### Task instructions
Please write out all of the data below exactly, without including the pictures.

### Records shown
-.-.-
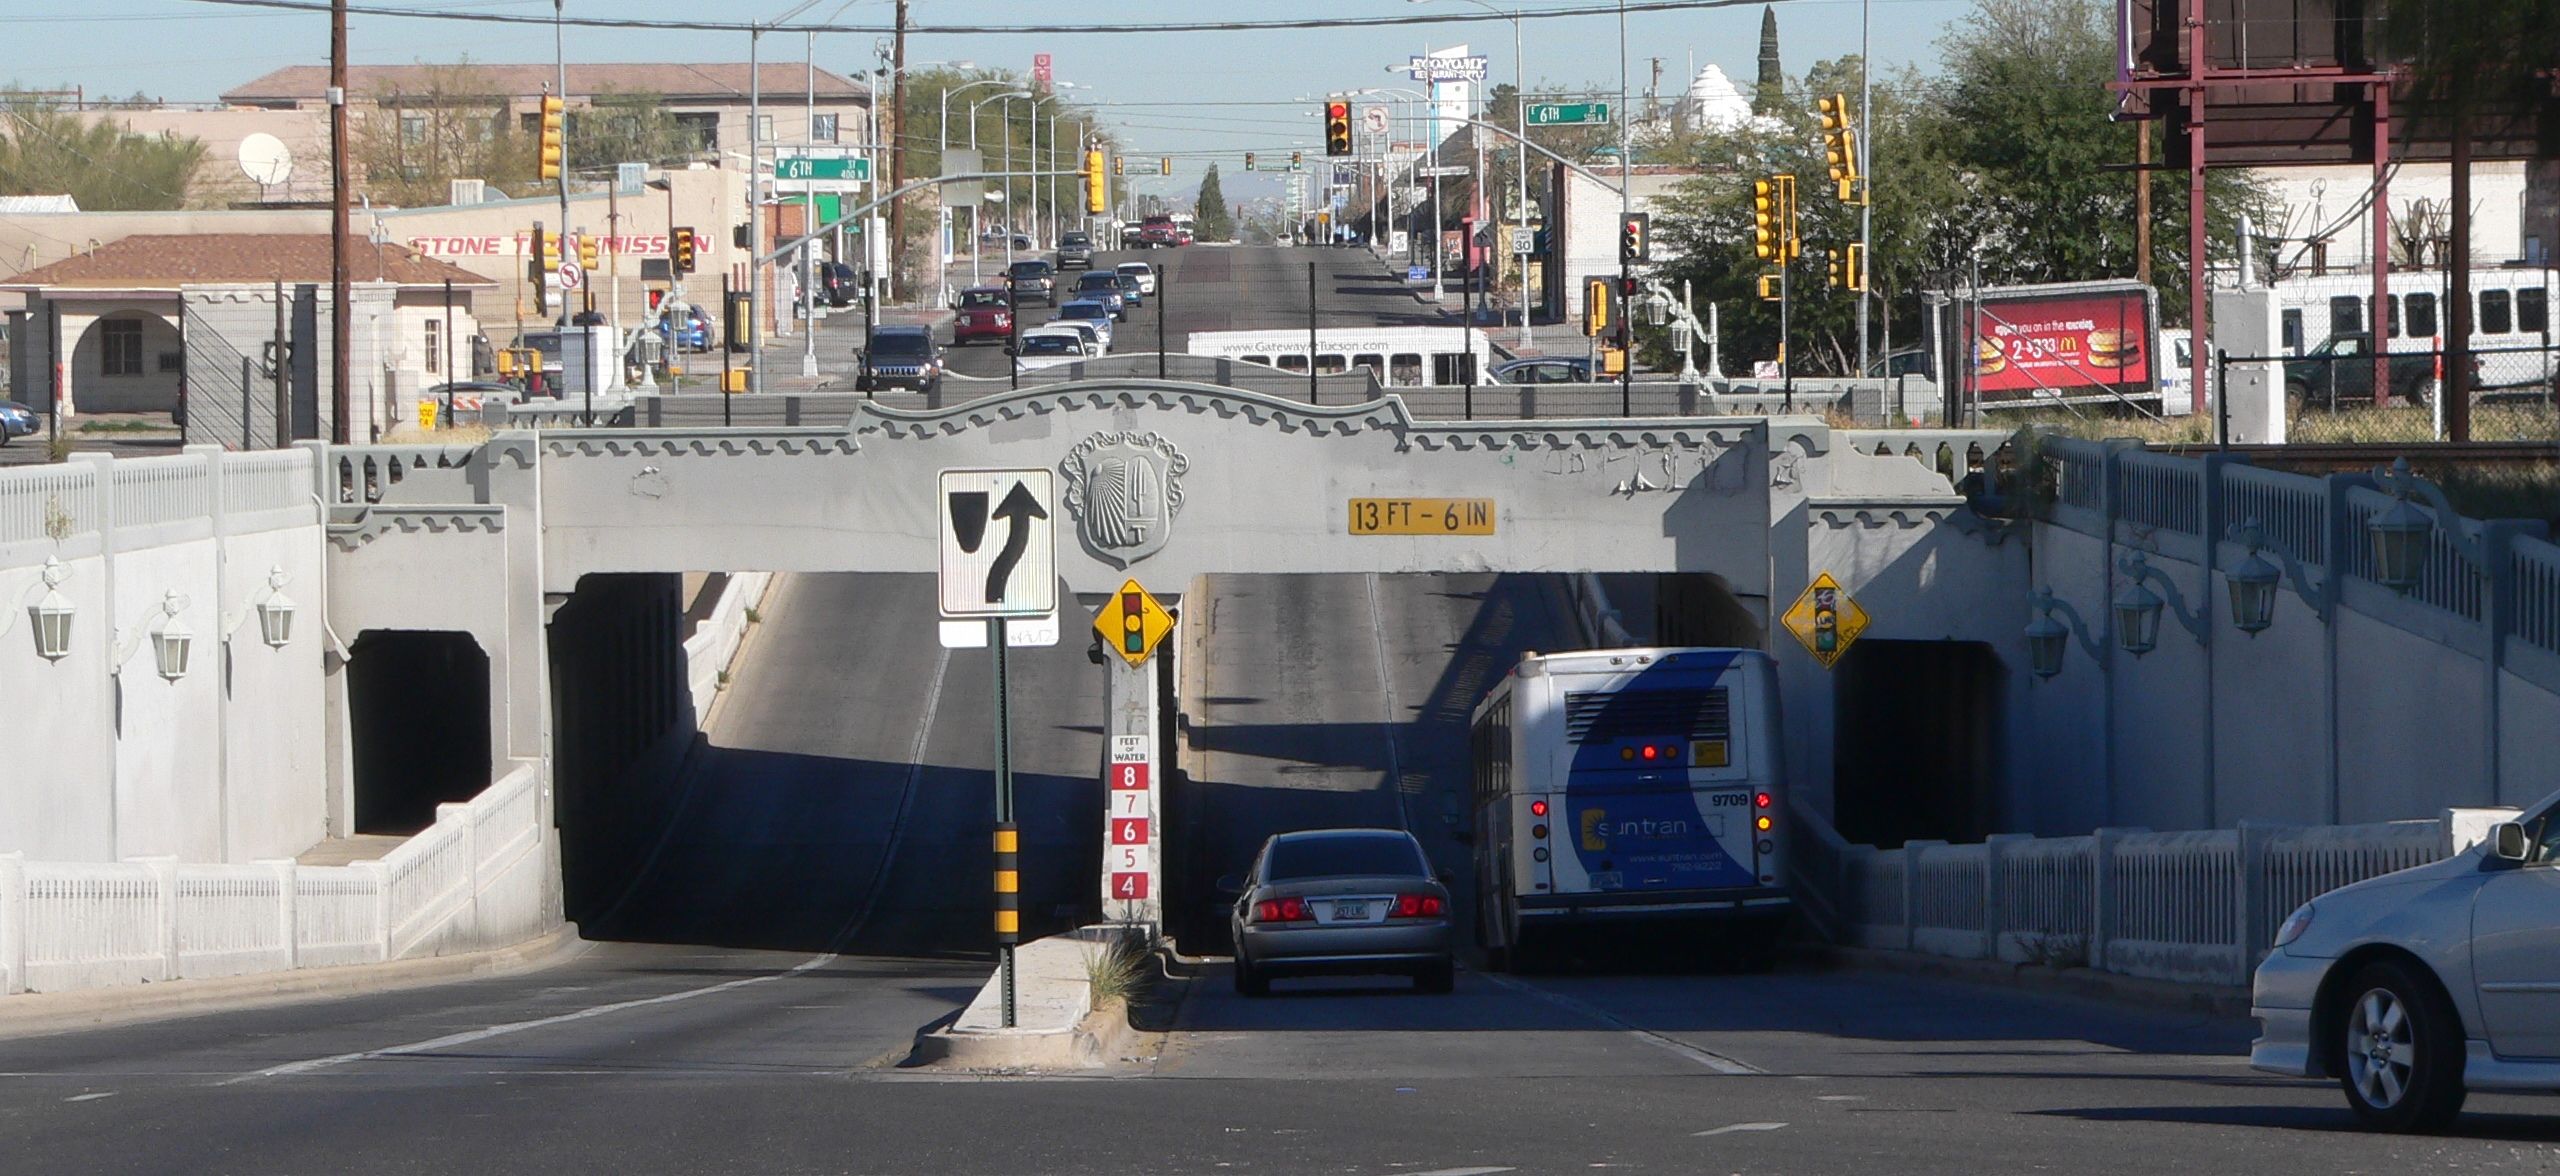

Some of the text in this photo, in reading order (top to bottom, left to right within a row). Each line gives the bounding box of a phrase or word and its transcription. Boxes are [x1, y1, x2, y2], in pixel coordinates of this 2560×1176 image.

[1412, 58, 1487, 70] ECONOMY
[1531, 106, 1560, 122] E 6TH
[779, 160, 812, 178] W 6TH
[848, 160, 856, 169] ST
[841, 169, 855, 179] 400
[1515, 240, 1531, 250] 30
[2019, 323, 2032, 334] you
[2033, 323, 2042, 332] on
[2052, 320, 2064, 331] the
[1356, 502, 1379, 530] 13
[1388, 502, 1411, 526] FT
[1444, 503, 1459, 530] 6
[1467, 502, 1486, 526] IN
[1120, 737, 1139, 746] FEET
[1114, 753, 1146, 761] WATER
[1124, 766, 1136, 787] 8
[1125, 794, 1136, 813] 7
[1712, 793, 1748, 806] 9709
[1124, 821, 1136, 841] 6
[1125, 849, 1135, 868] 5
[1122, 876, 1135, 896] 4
-.-.-
### Task result
Some of the text in this photo, in reading order (top to bottom, left to right within a row). Each line gives the bounding box of a phrase or word and its transcription. Boxes are [x1, y1, x2, y2], in pixel coordinates of this 2560×1176 image.

[1412, 58, 1487, 70] ECONOMY
[1531, 106, 1560, 122] E 6TH
[779, 160, 812, 178] W 6TH
[848, 160, 856, 169] ST
[841, 169, 855, 179] 400
[1515, 240, 1531, 250] 30
[2019, 323, 2032, 334] you
[2033, 323, 2042, 332] on
[2052, 320, 2064, 331] the
[1356, 502, 1379, 530] 13
[1388, 502, 1411, 526] FT
[1444, 503, 1459, 530] 6
[1467, 502, 1486, 526] IN
[1120, 737, 1139, 746] FEET
[1114, 753, 1146, 761] WATER
[1124, 766, 1136, 787] 8
[1125, 794, 1136, 813] 7
[1712, 793, 1748, 806] 9709
[1124, 821, 1136, 841] 6
[1125, 849, 1135, 868] 5
[1122, 876, 1135, 896] 4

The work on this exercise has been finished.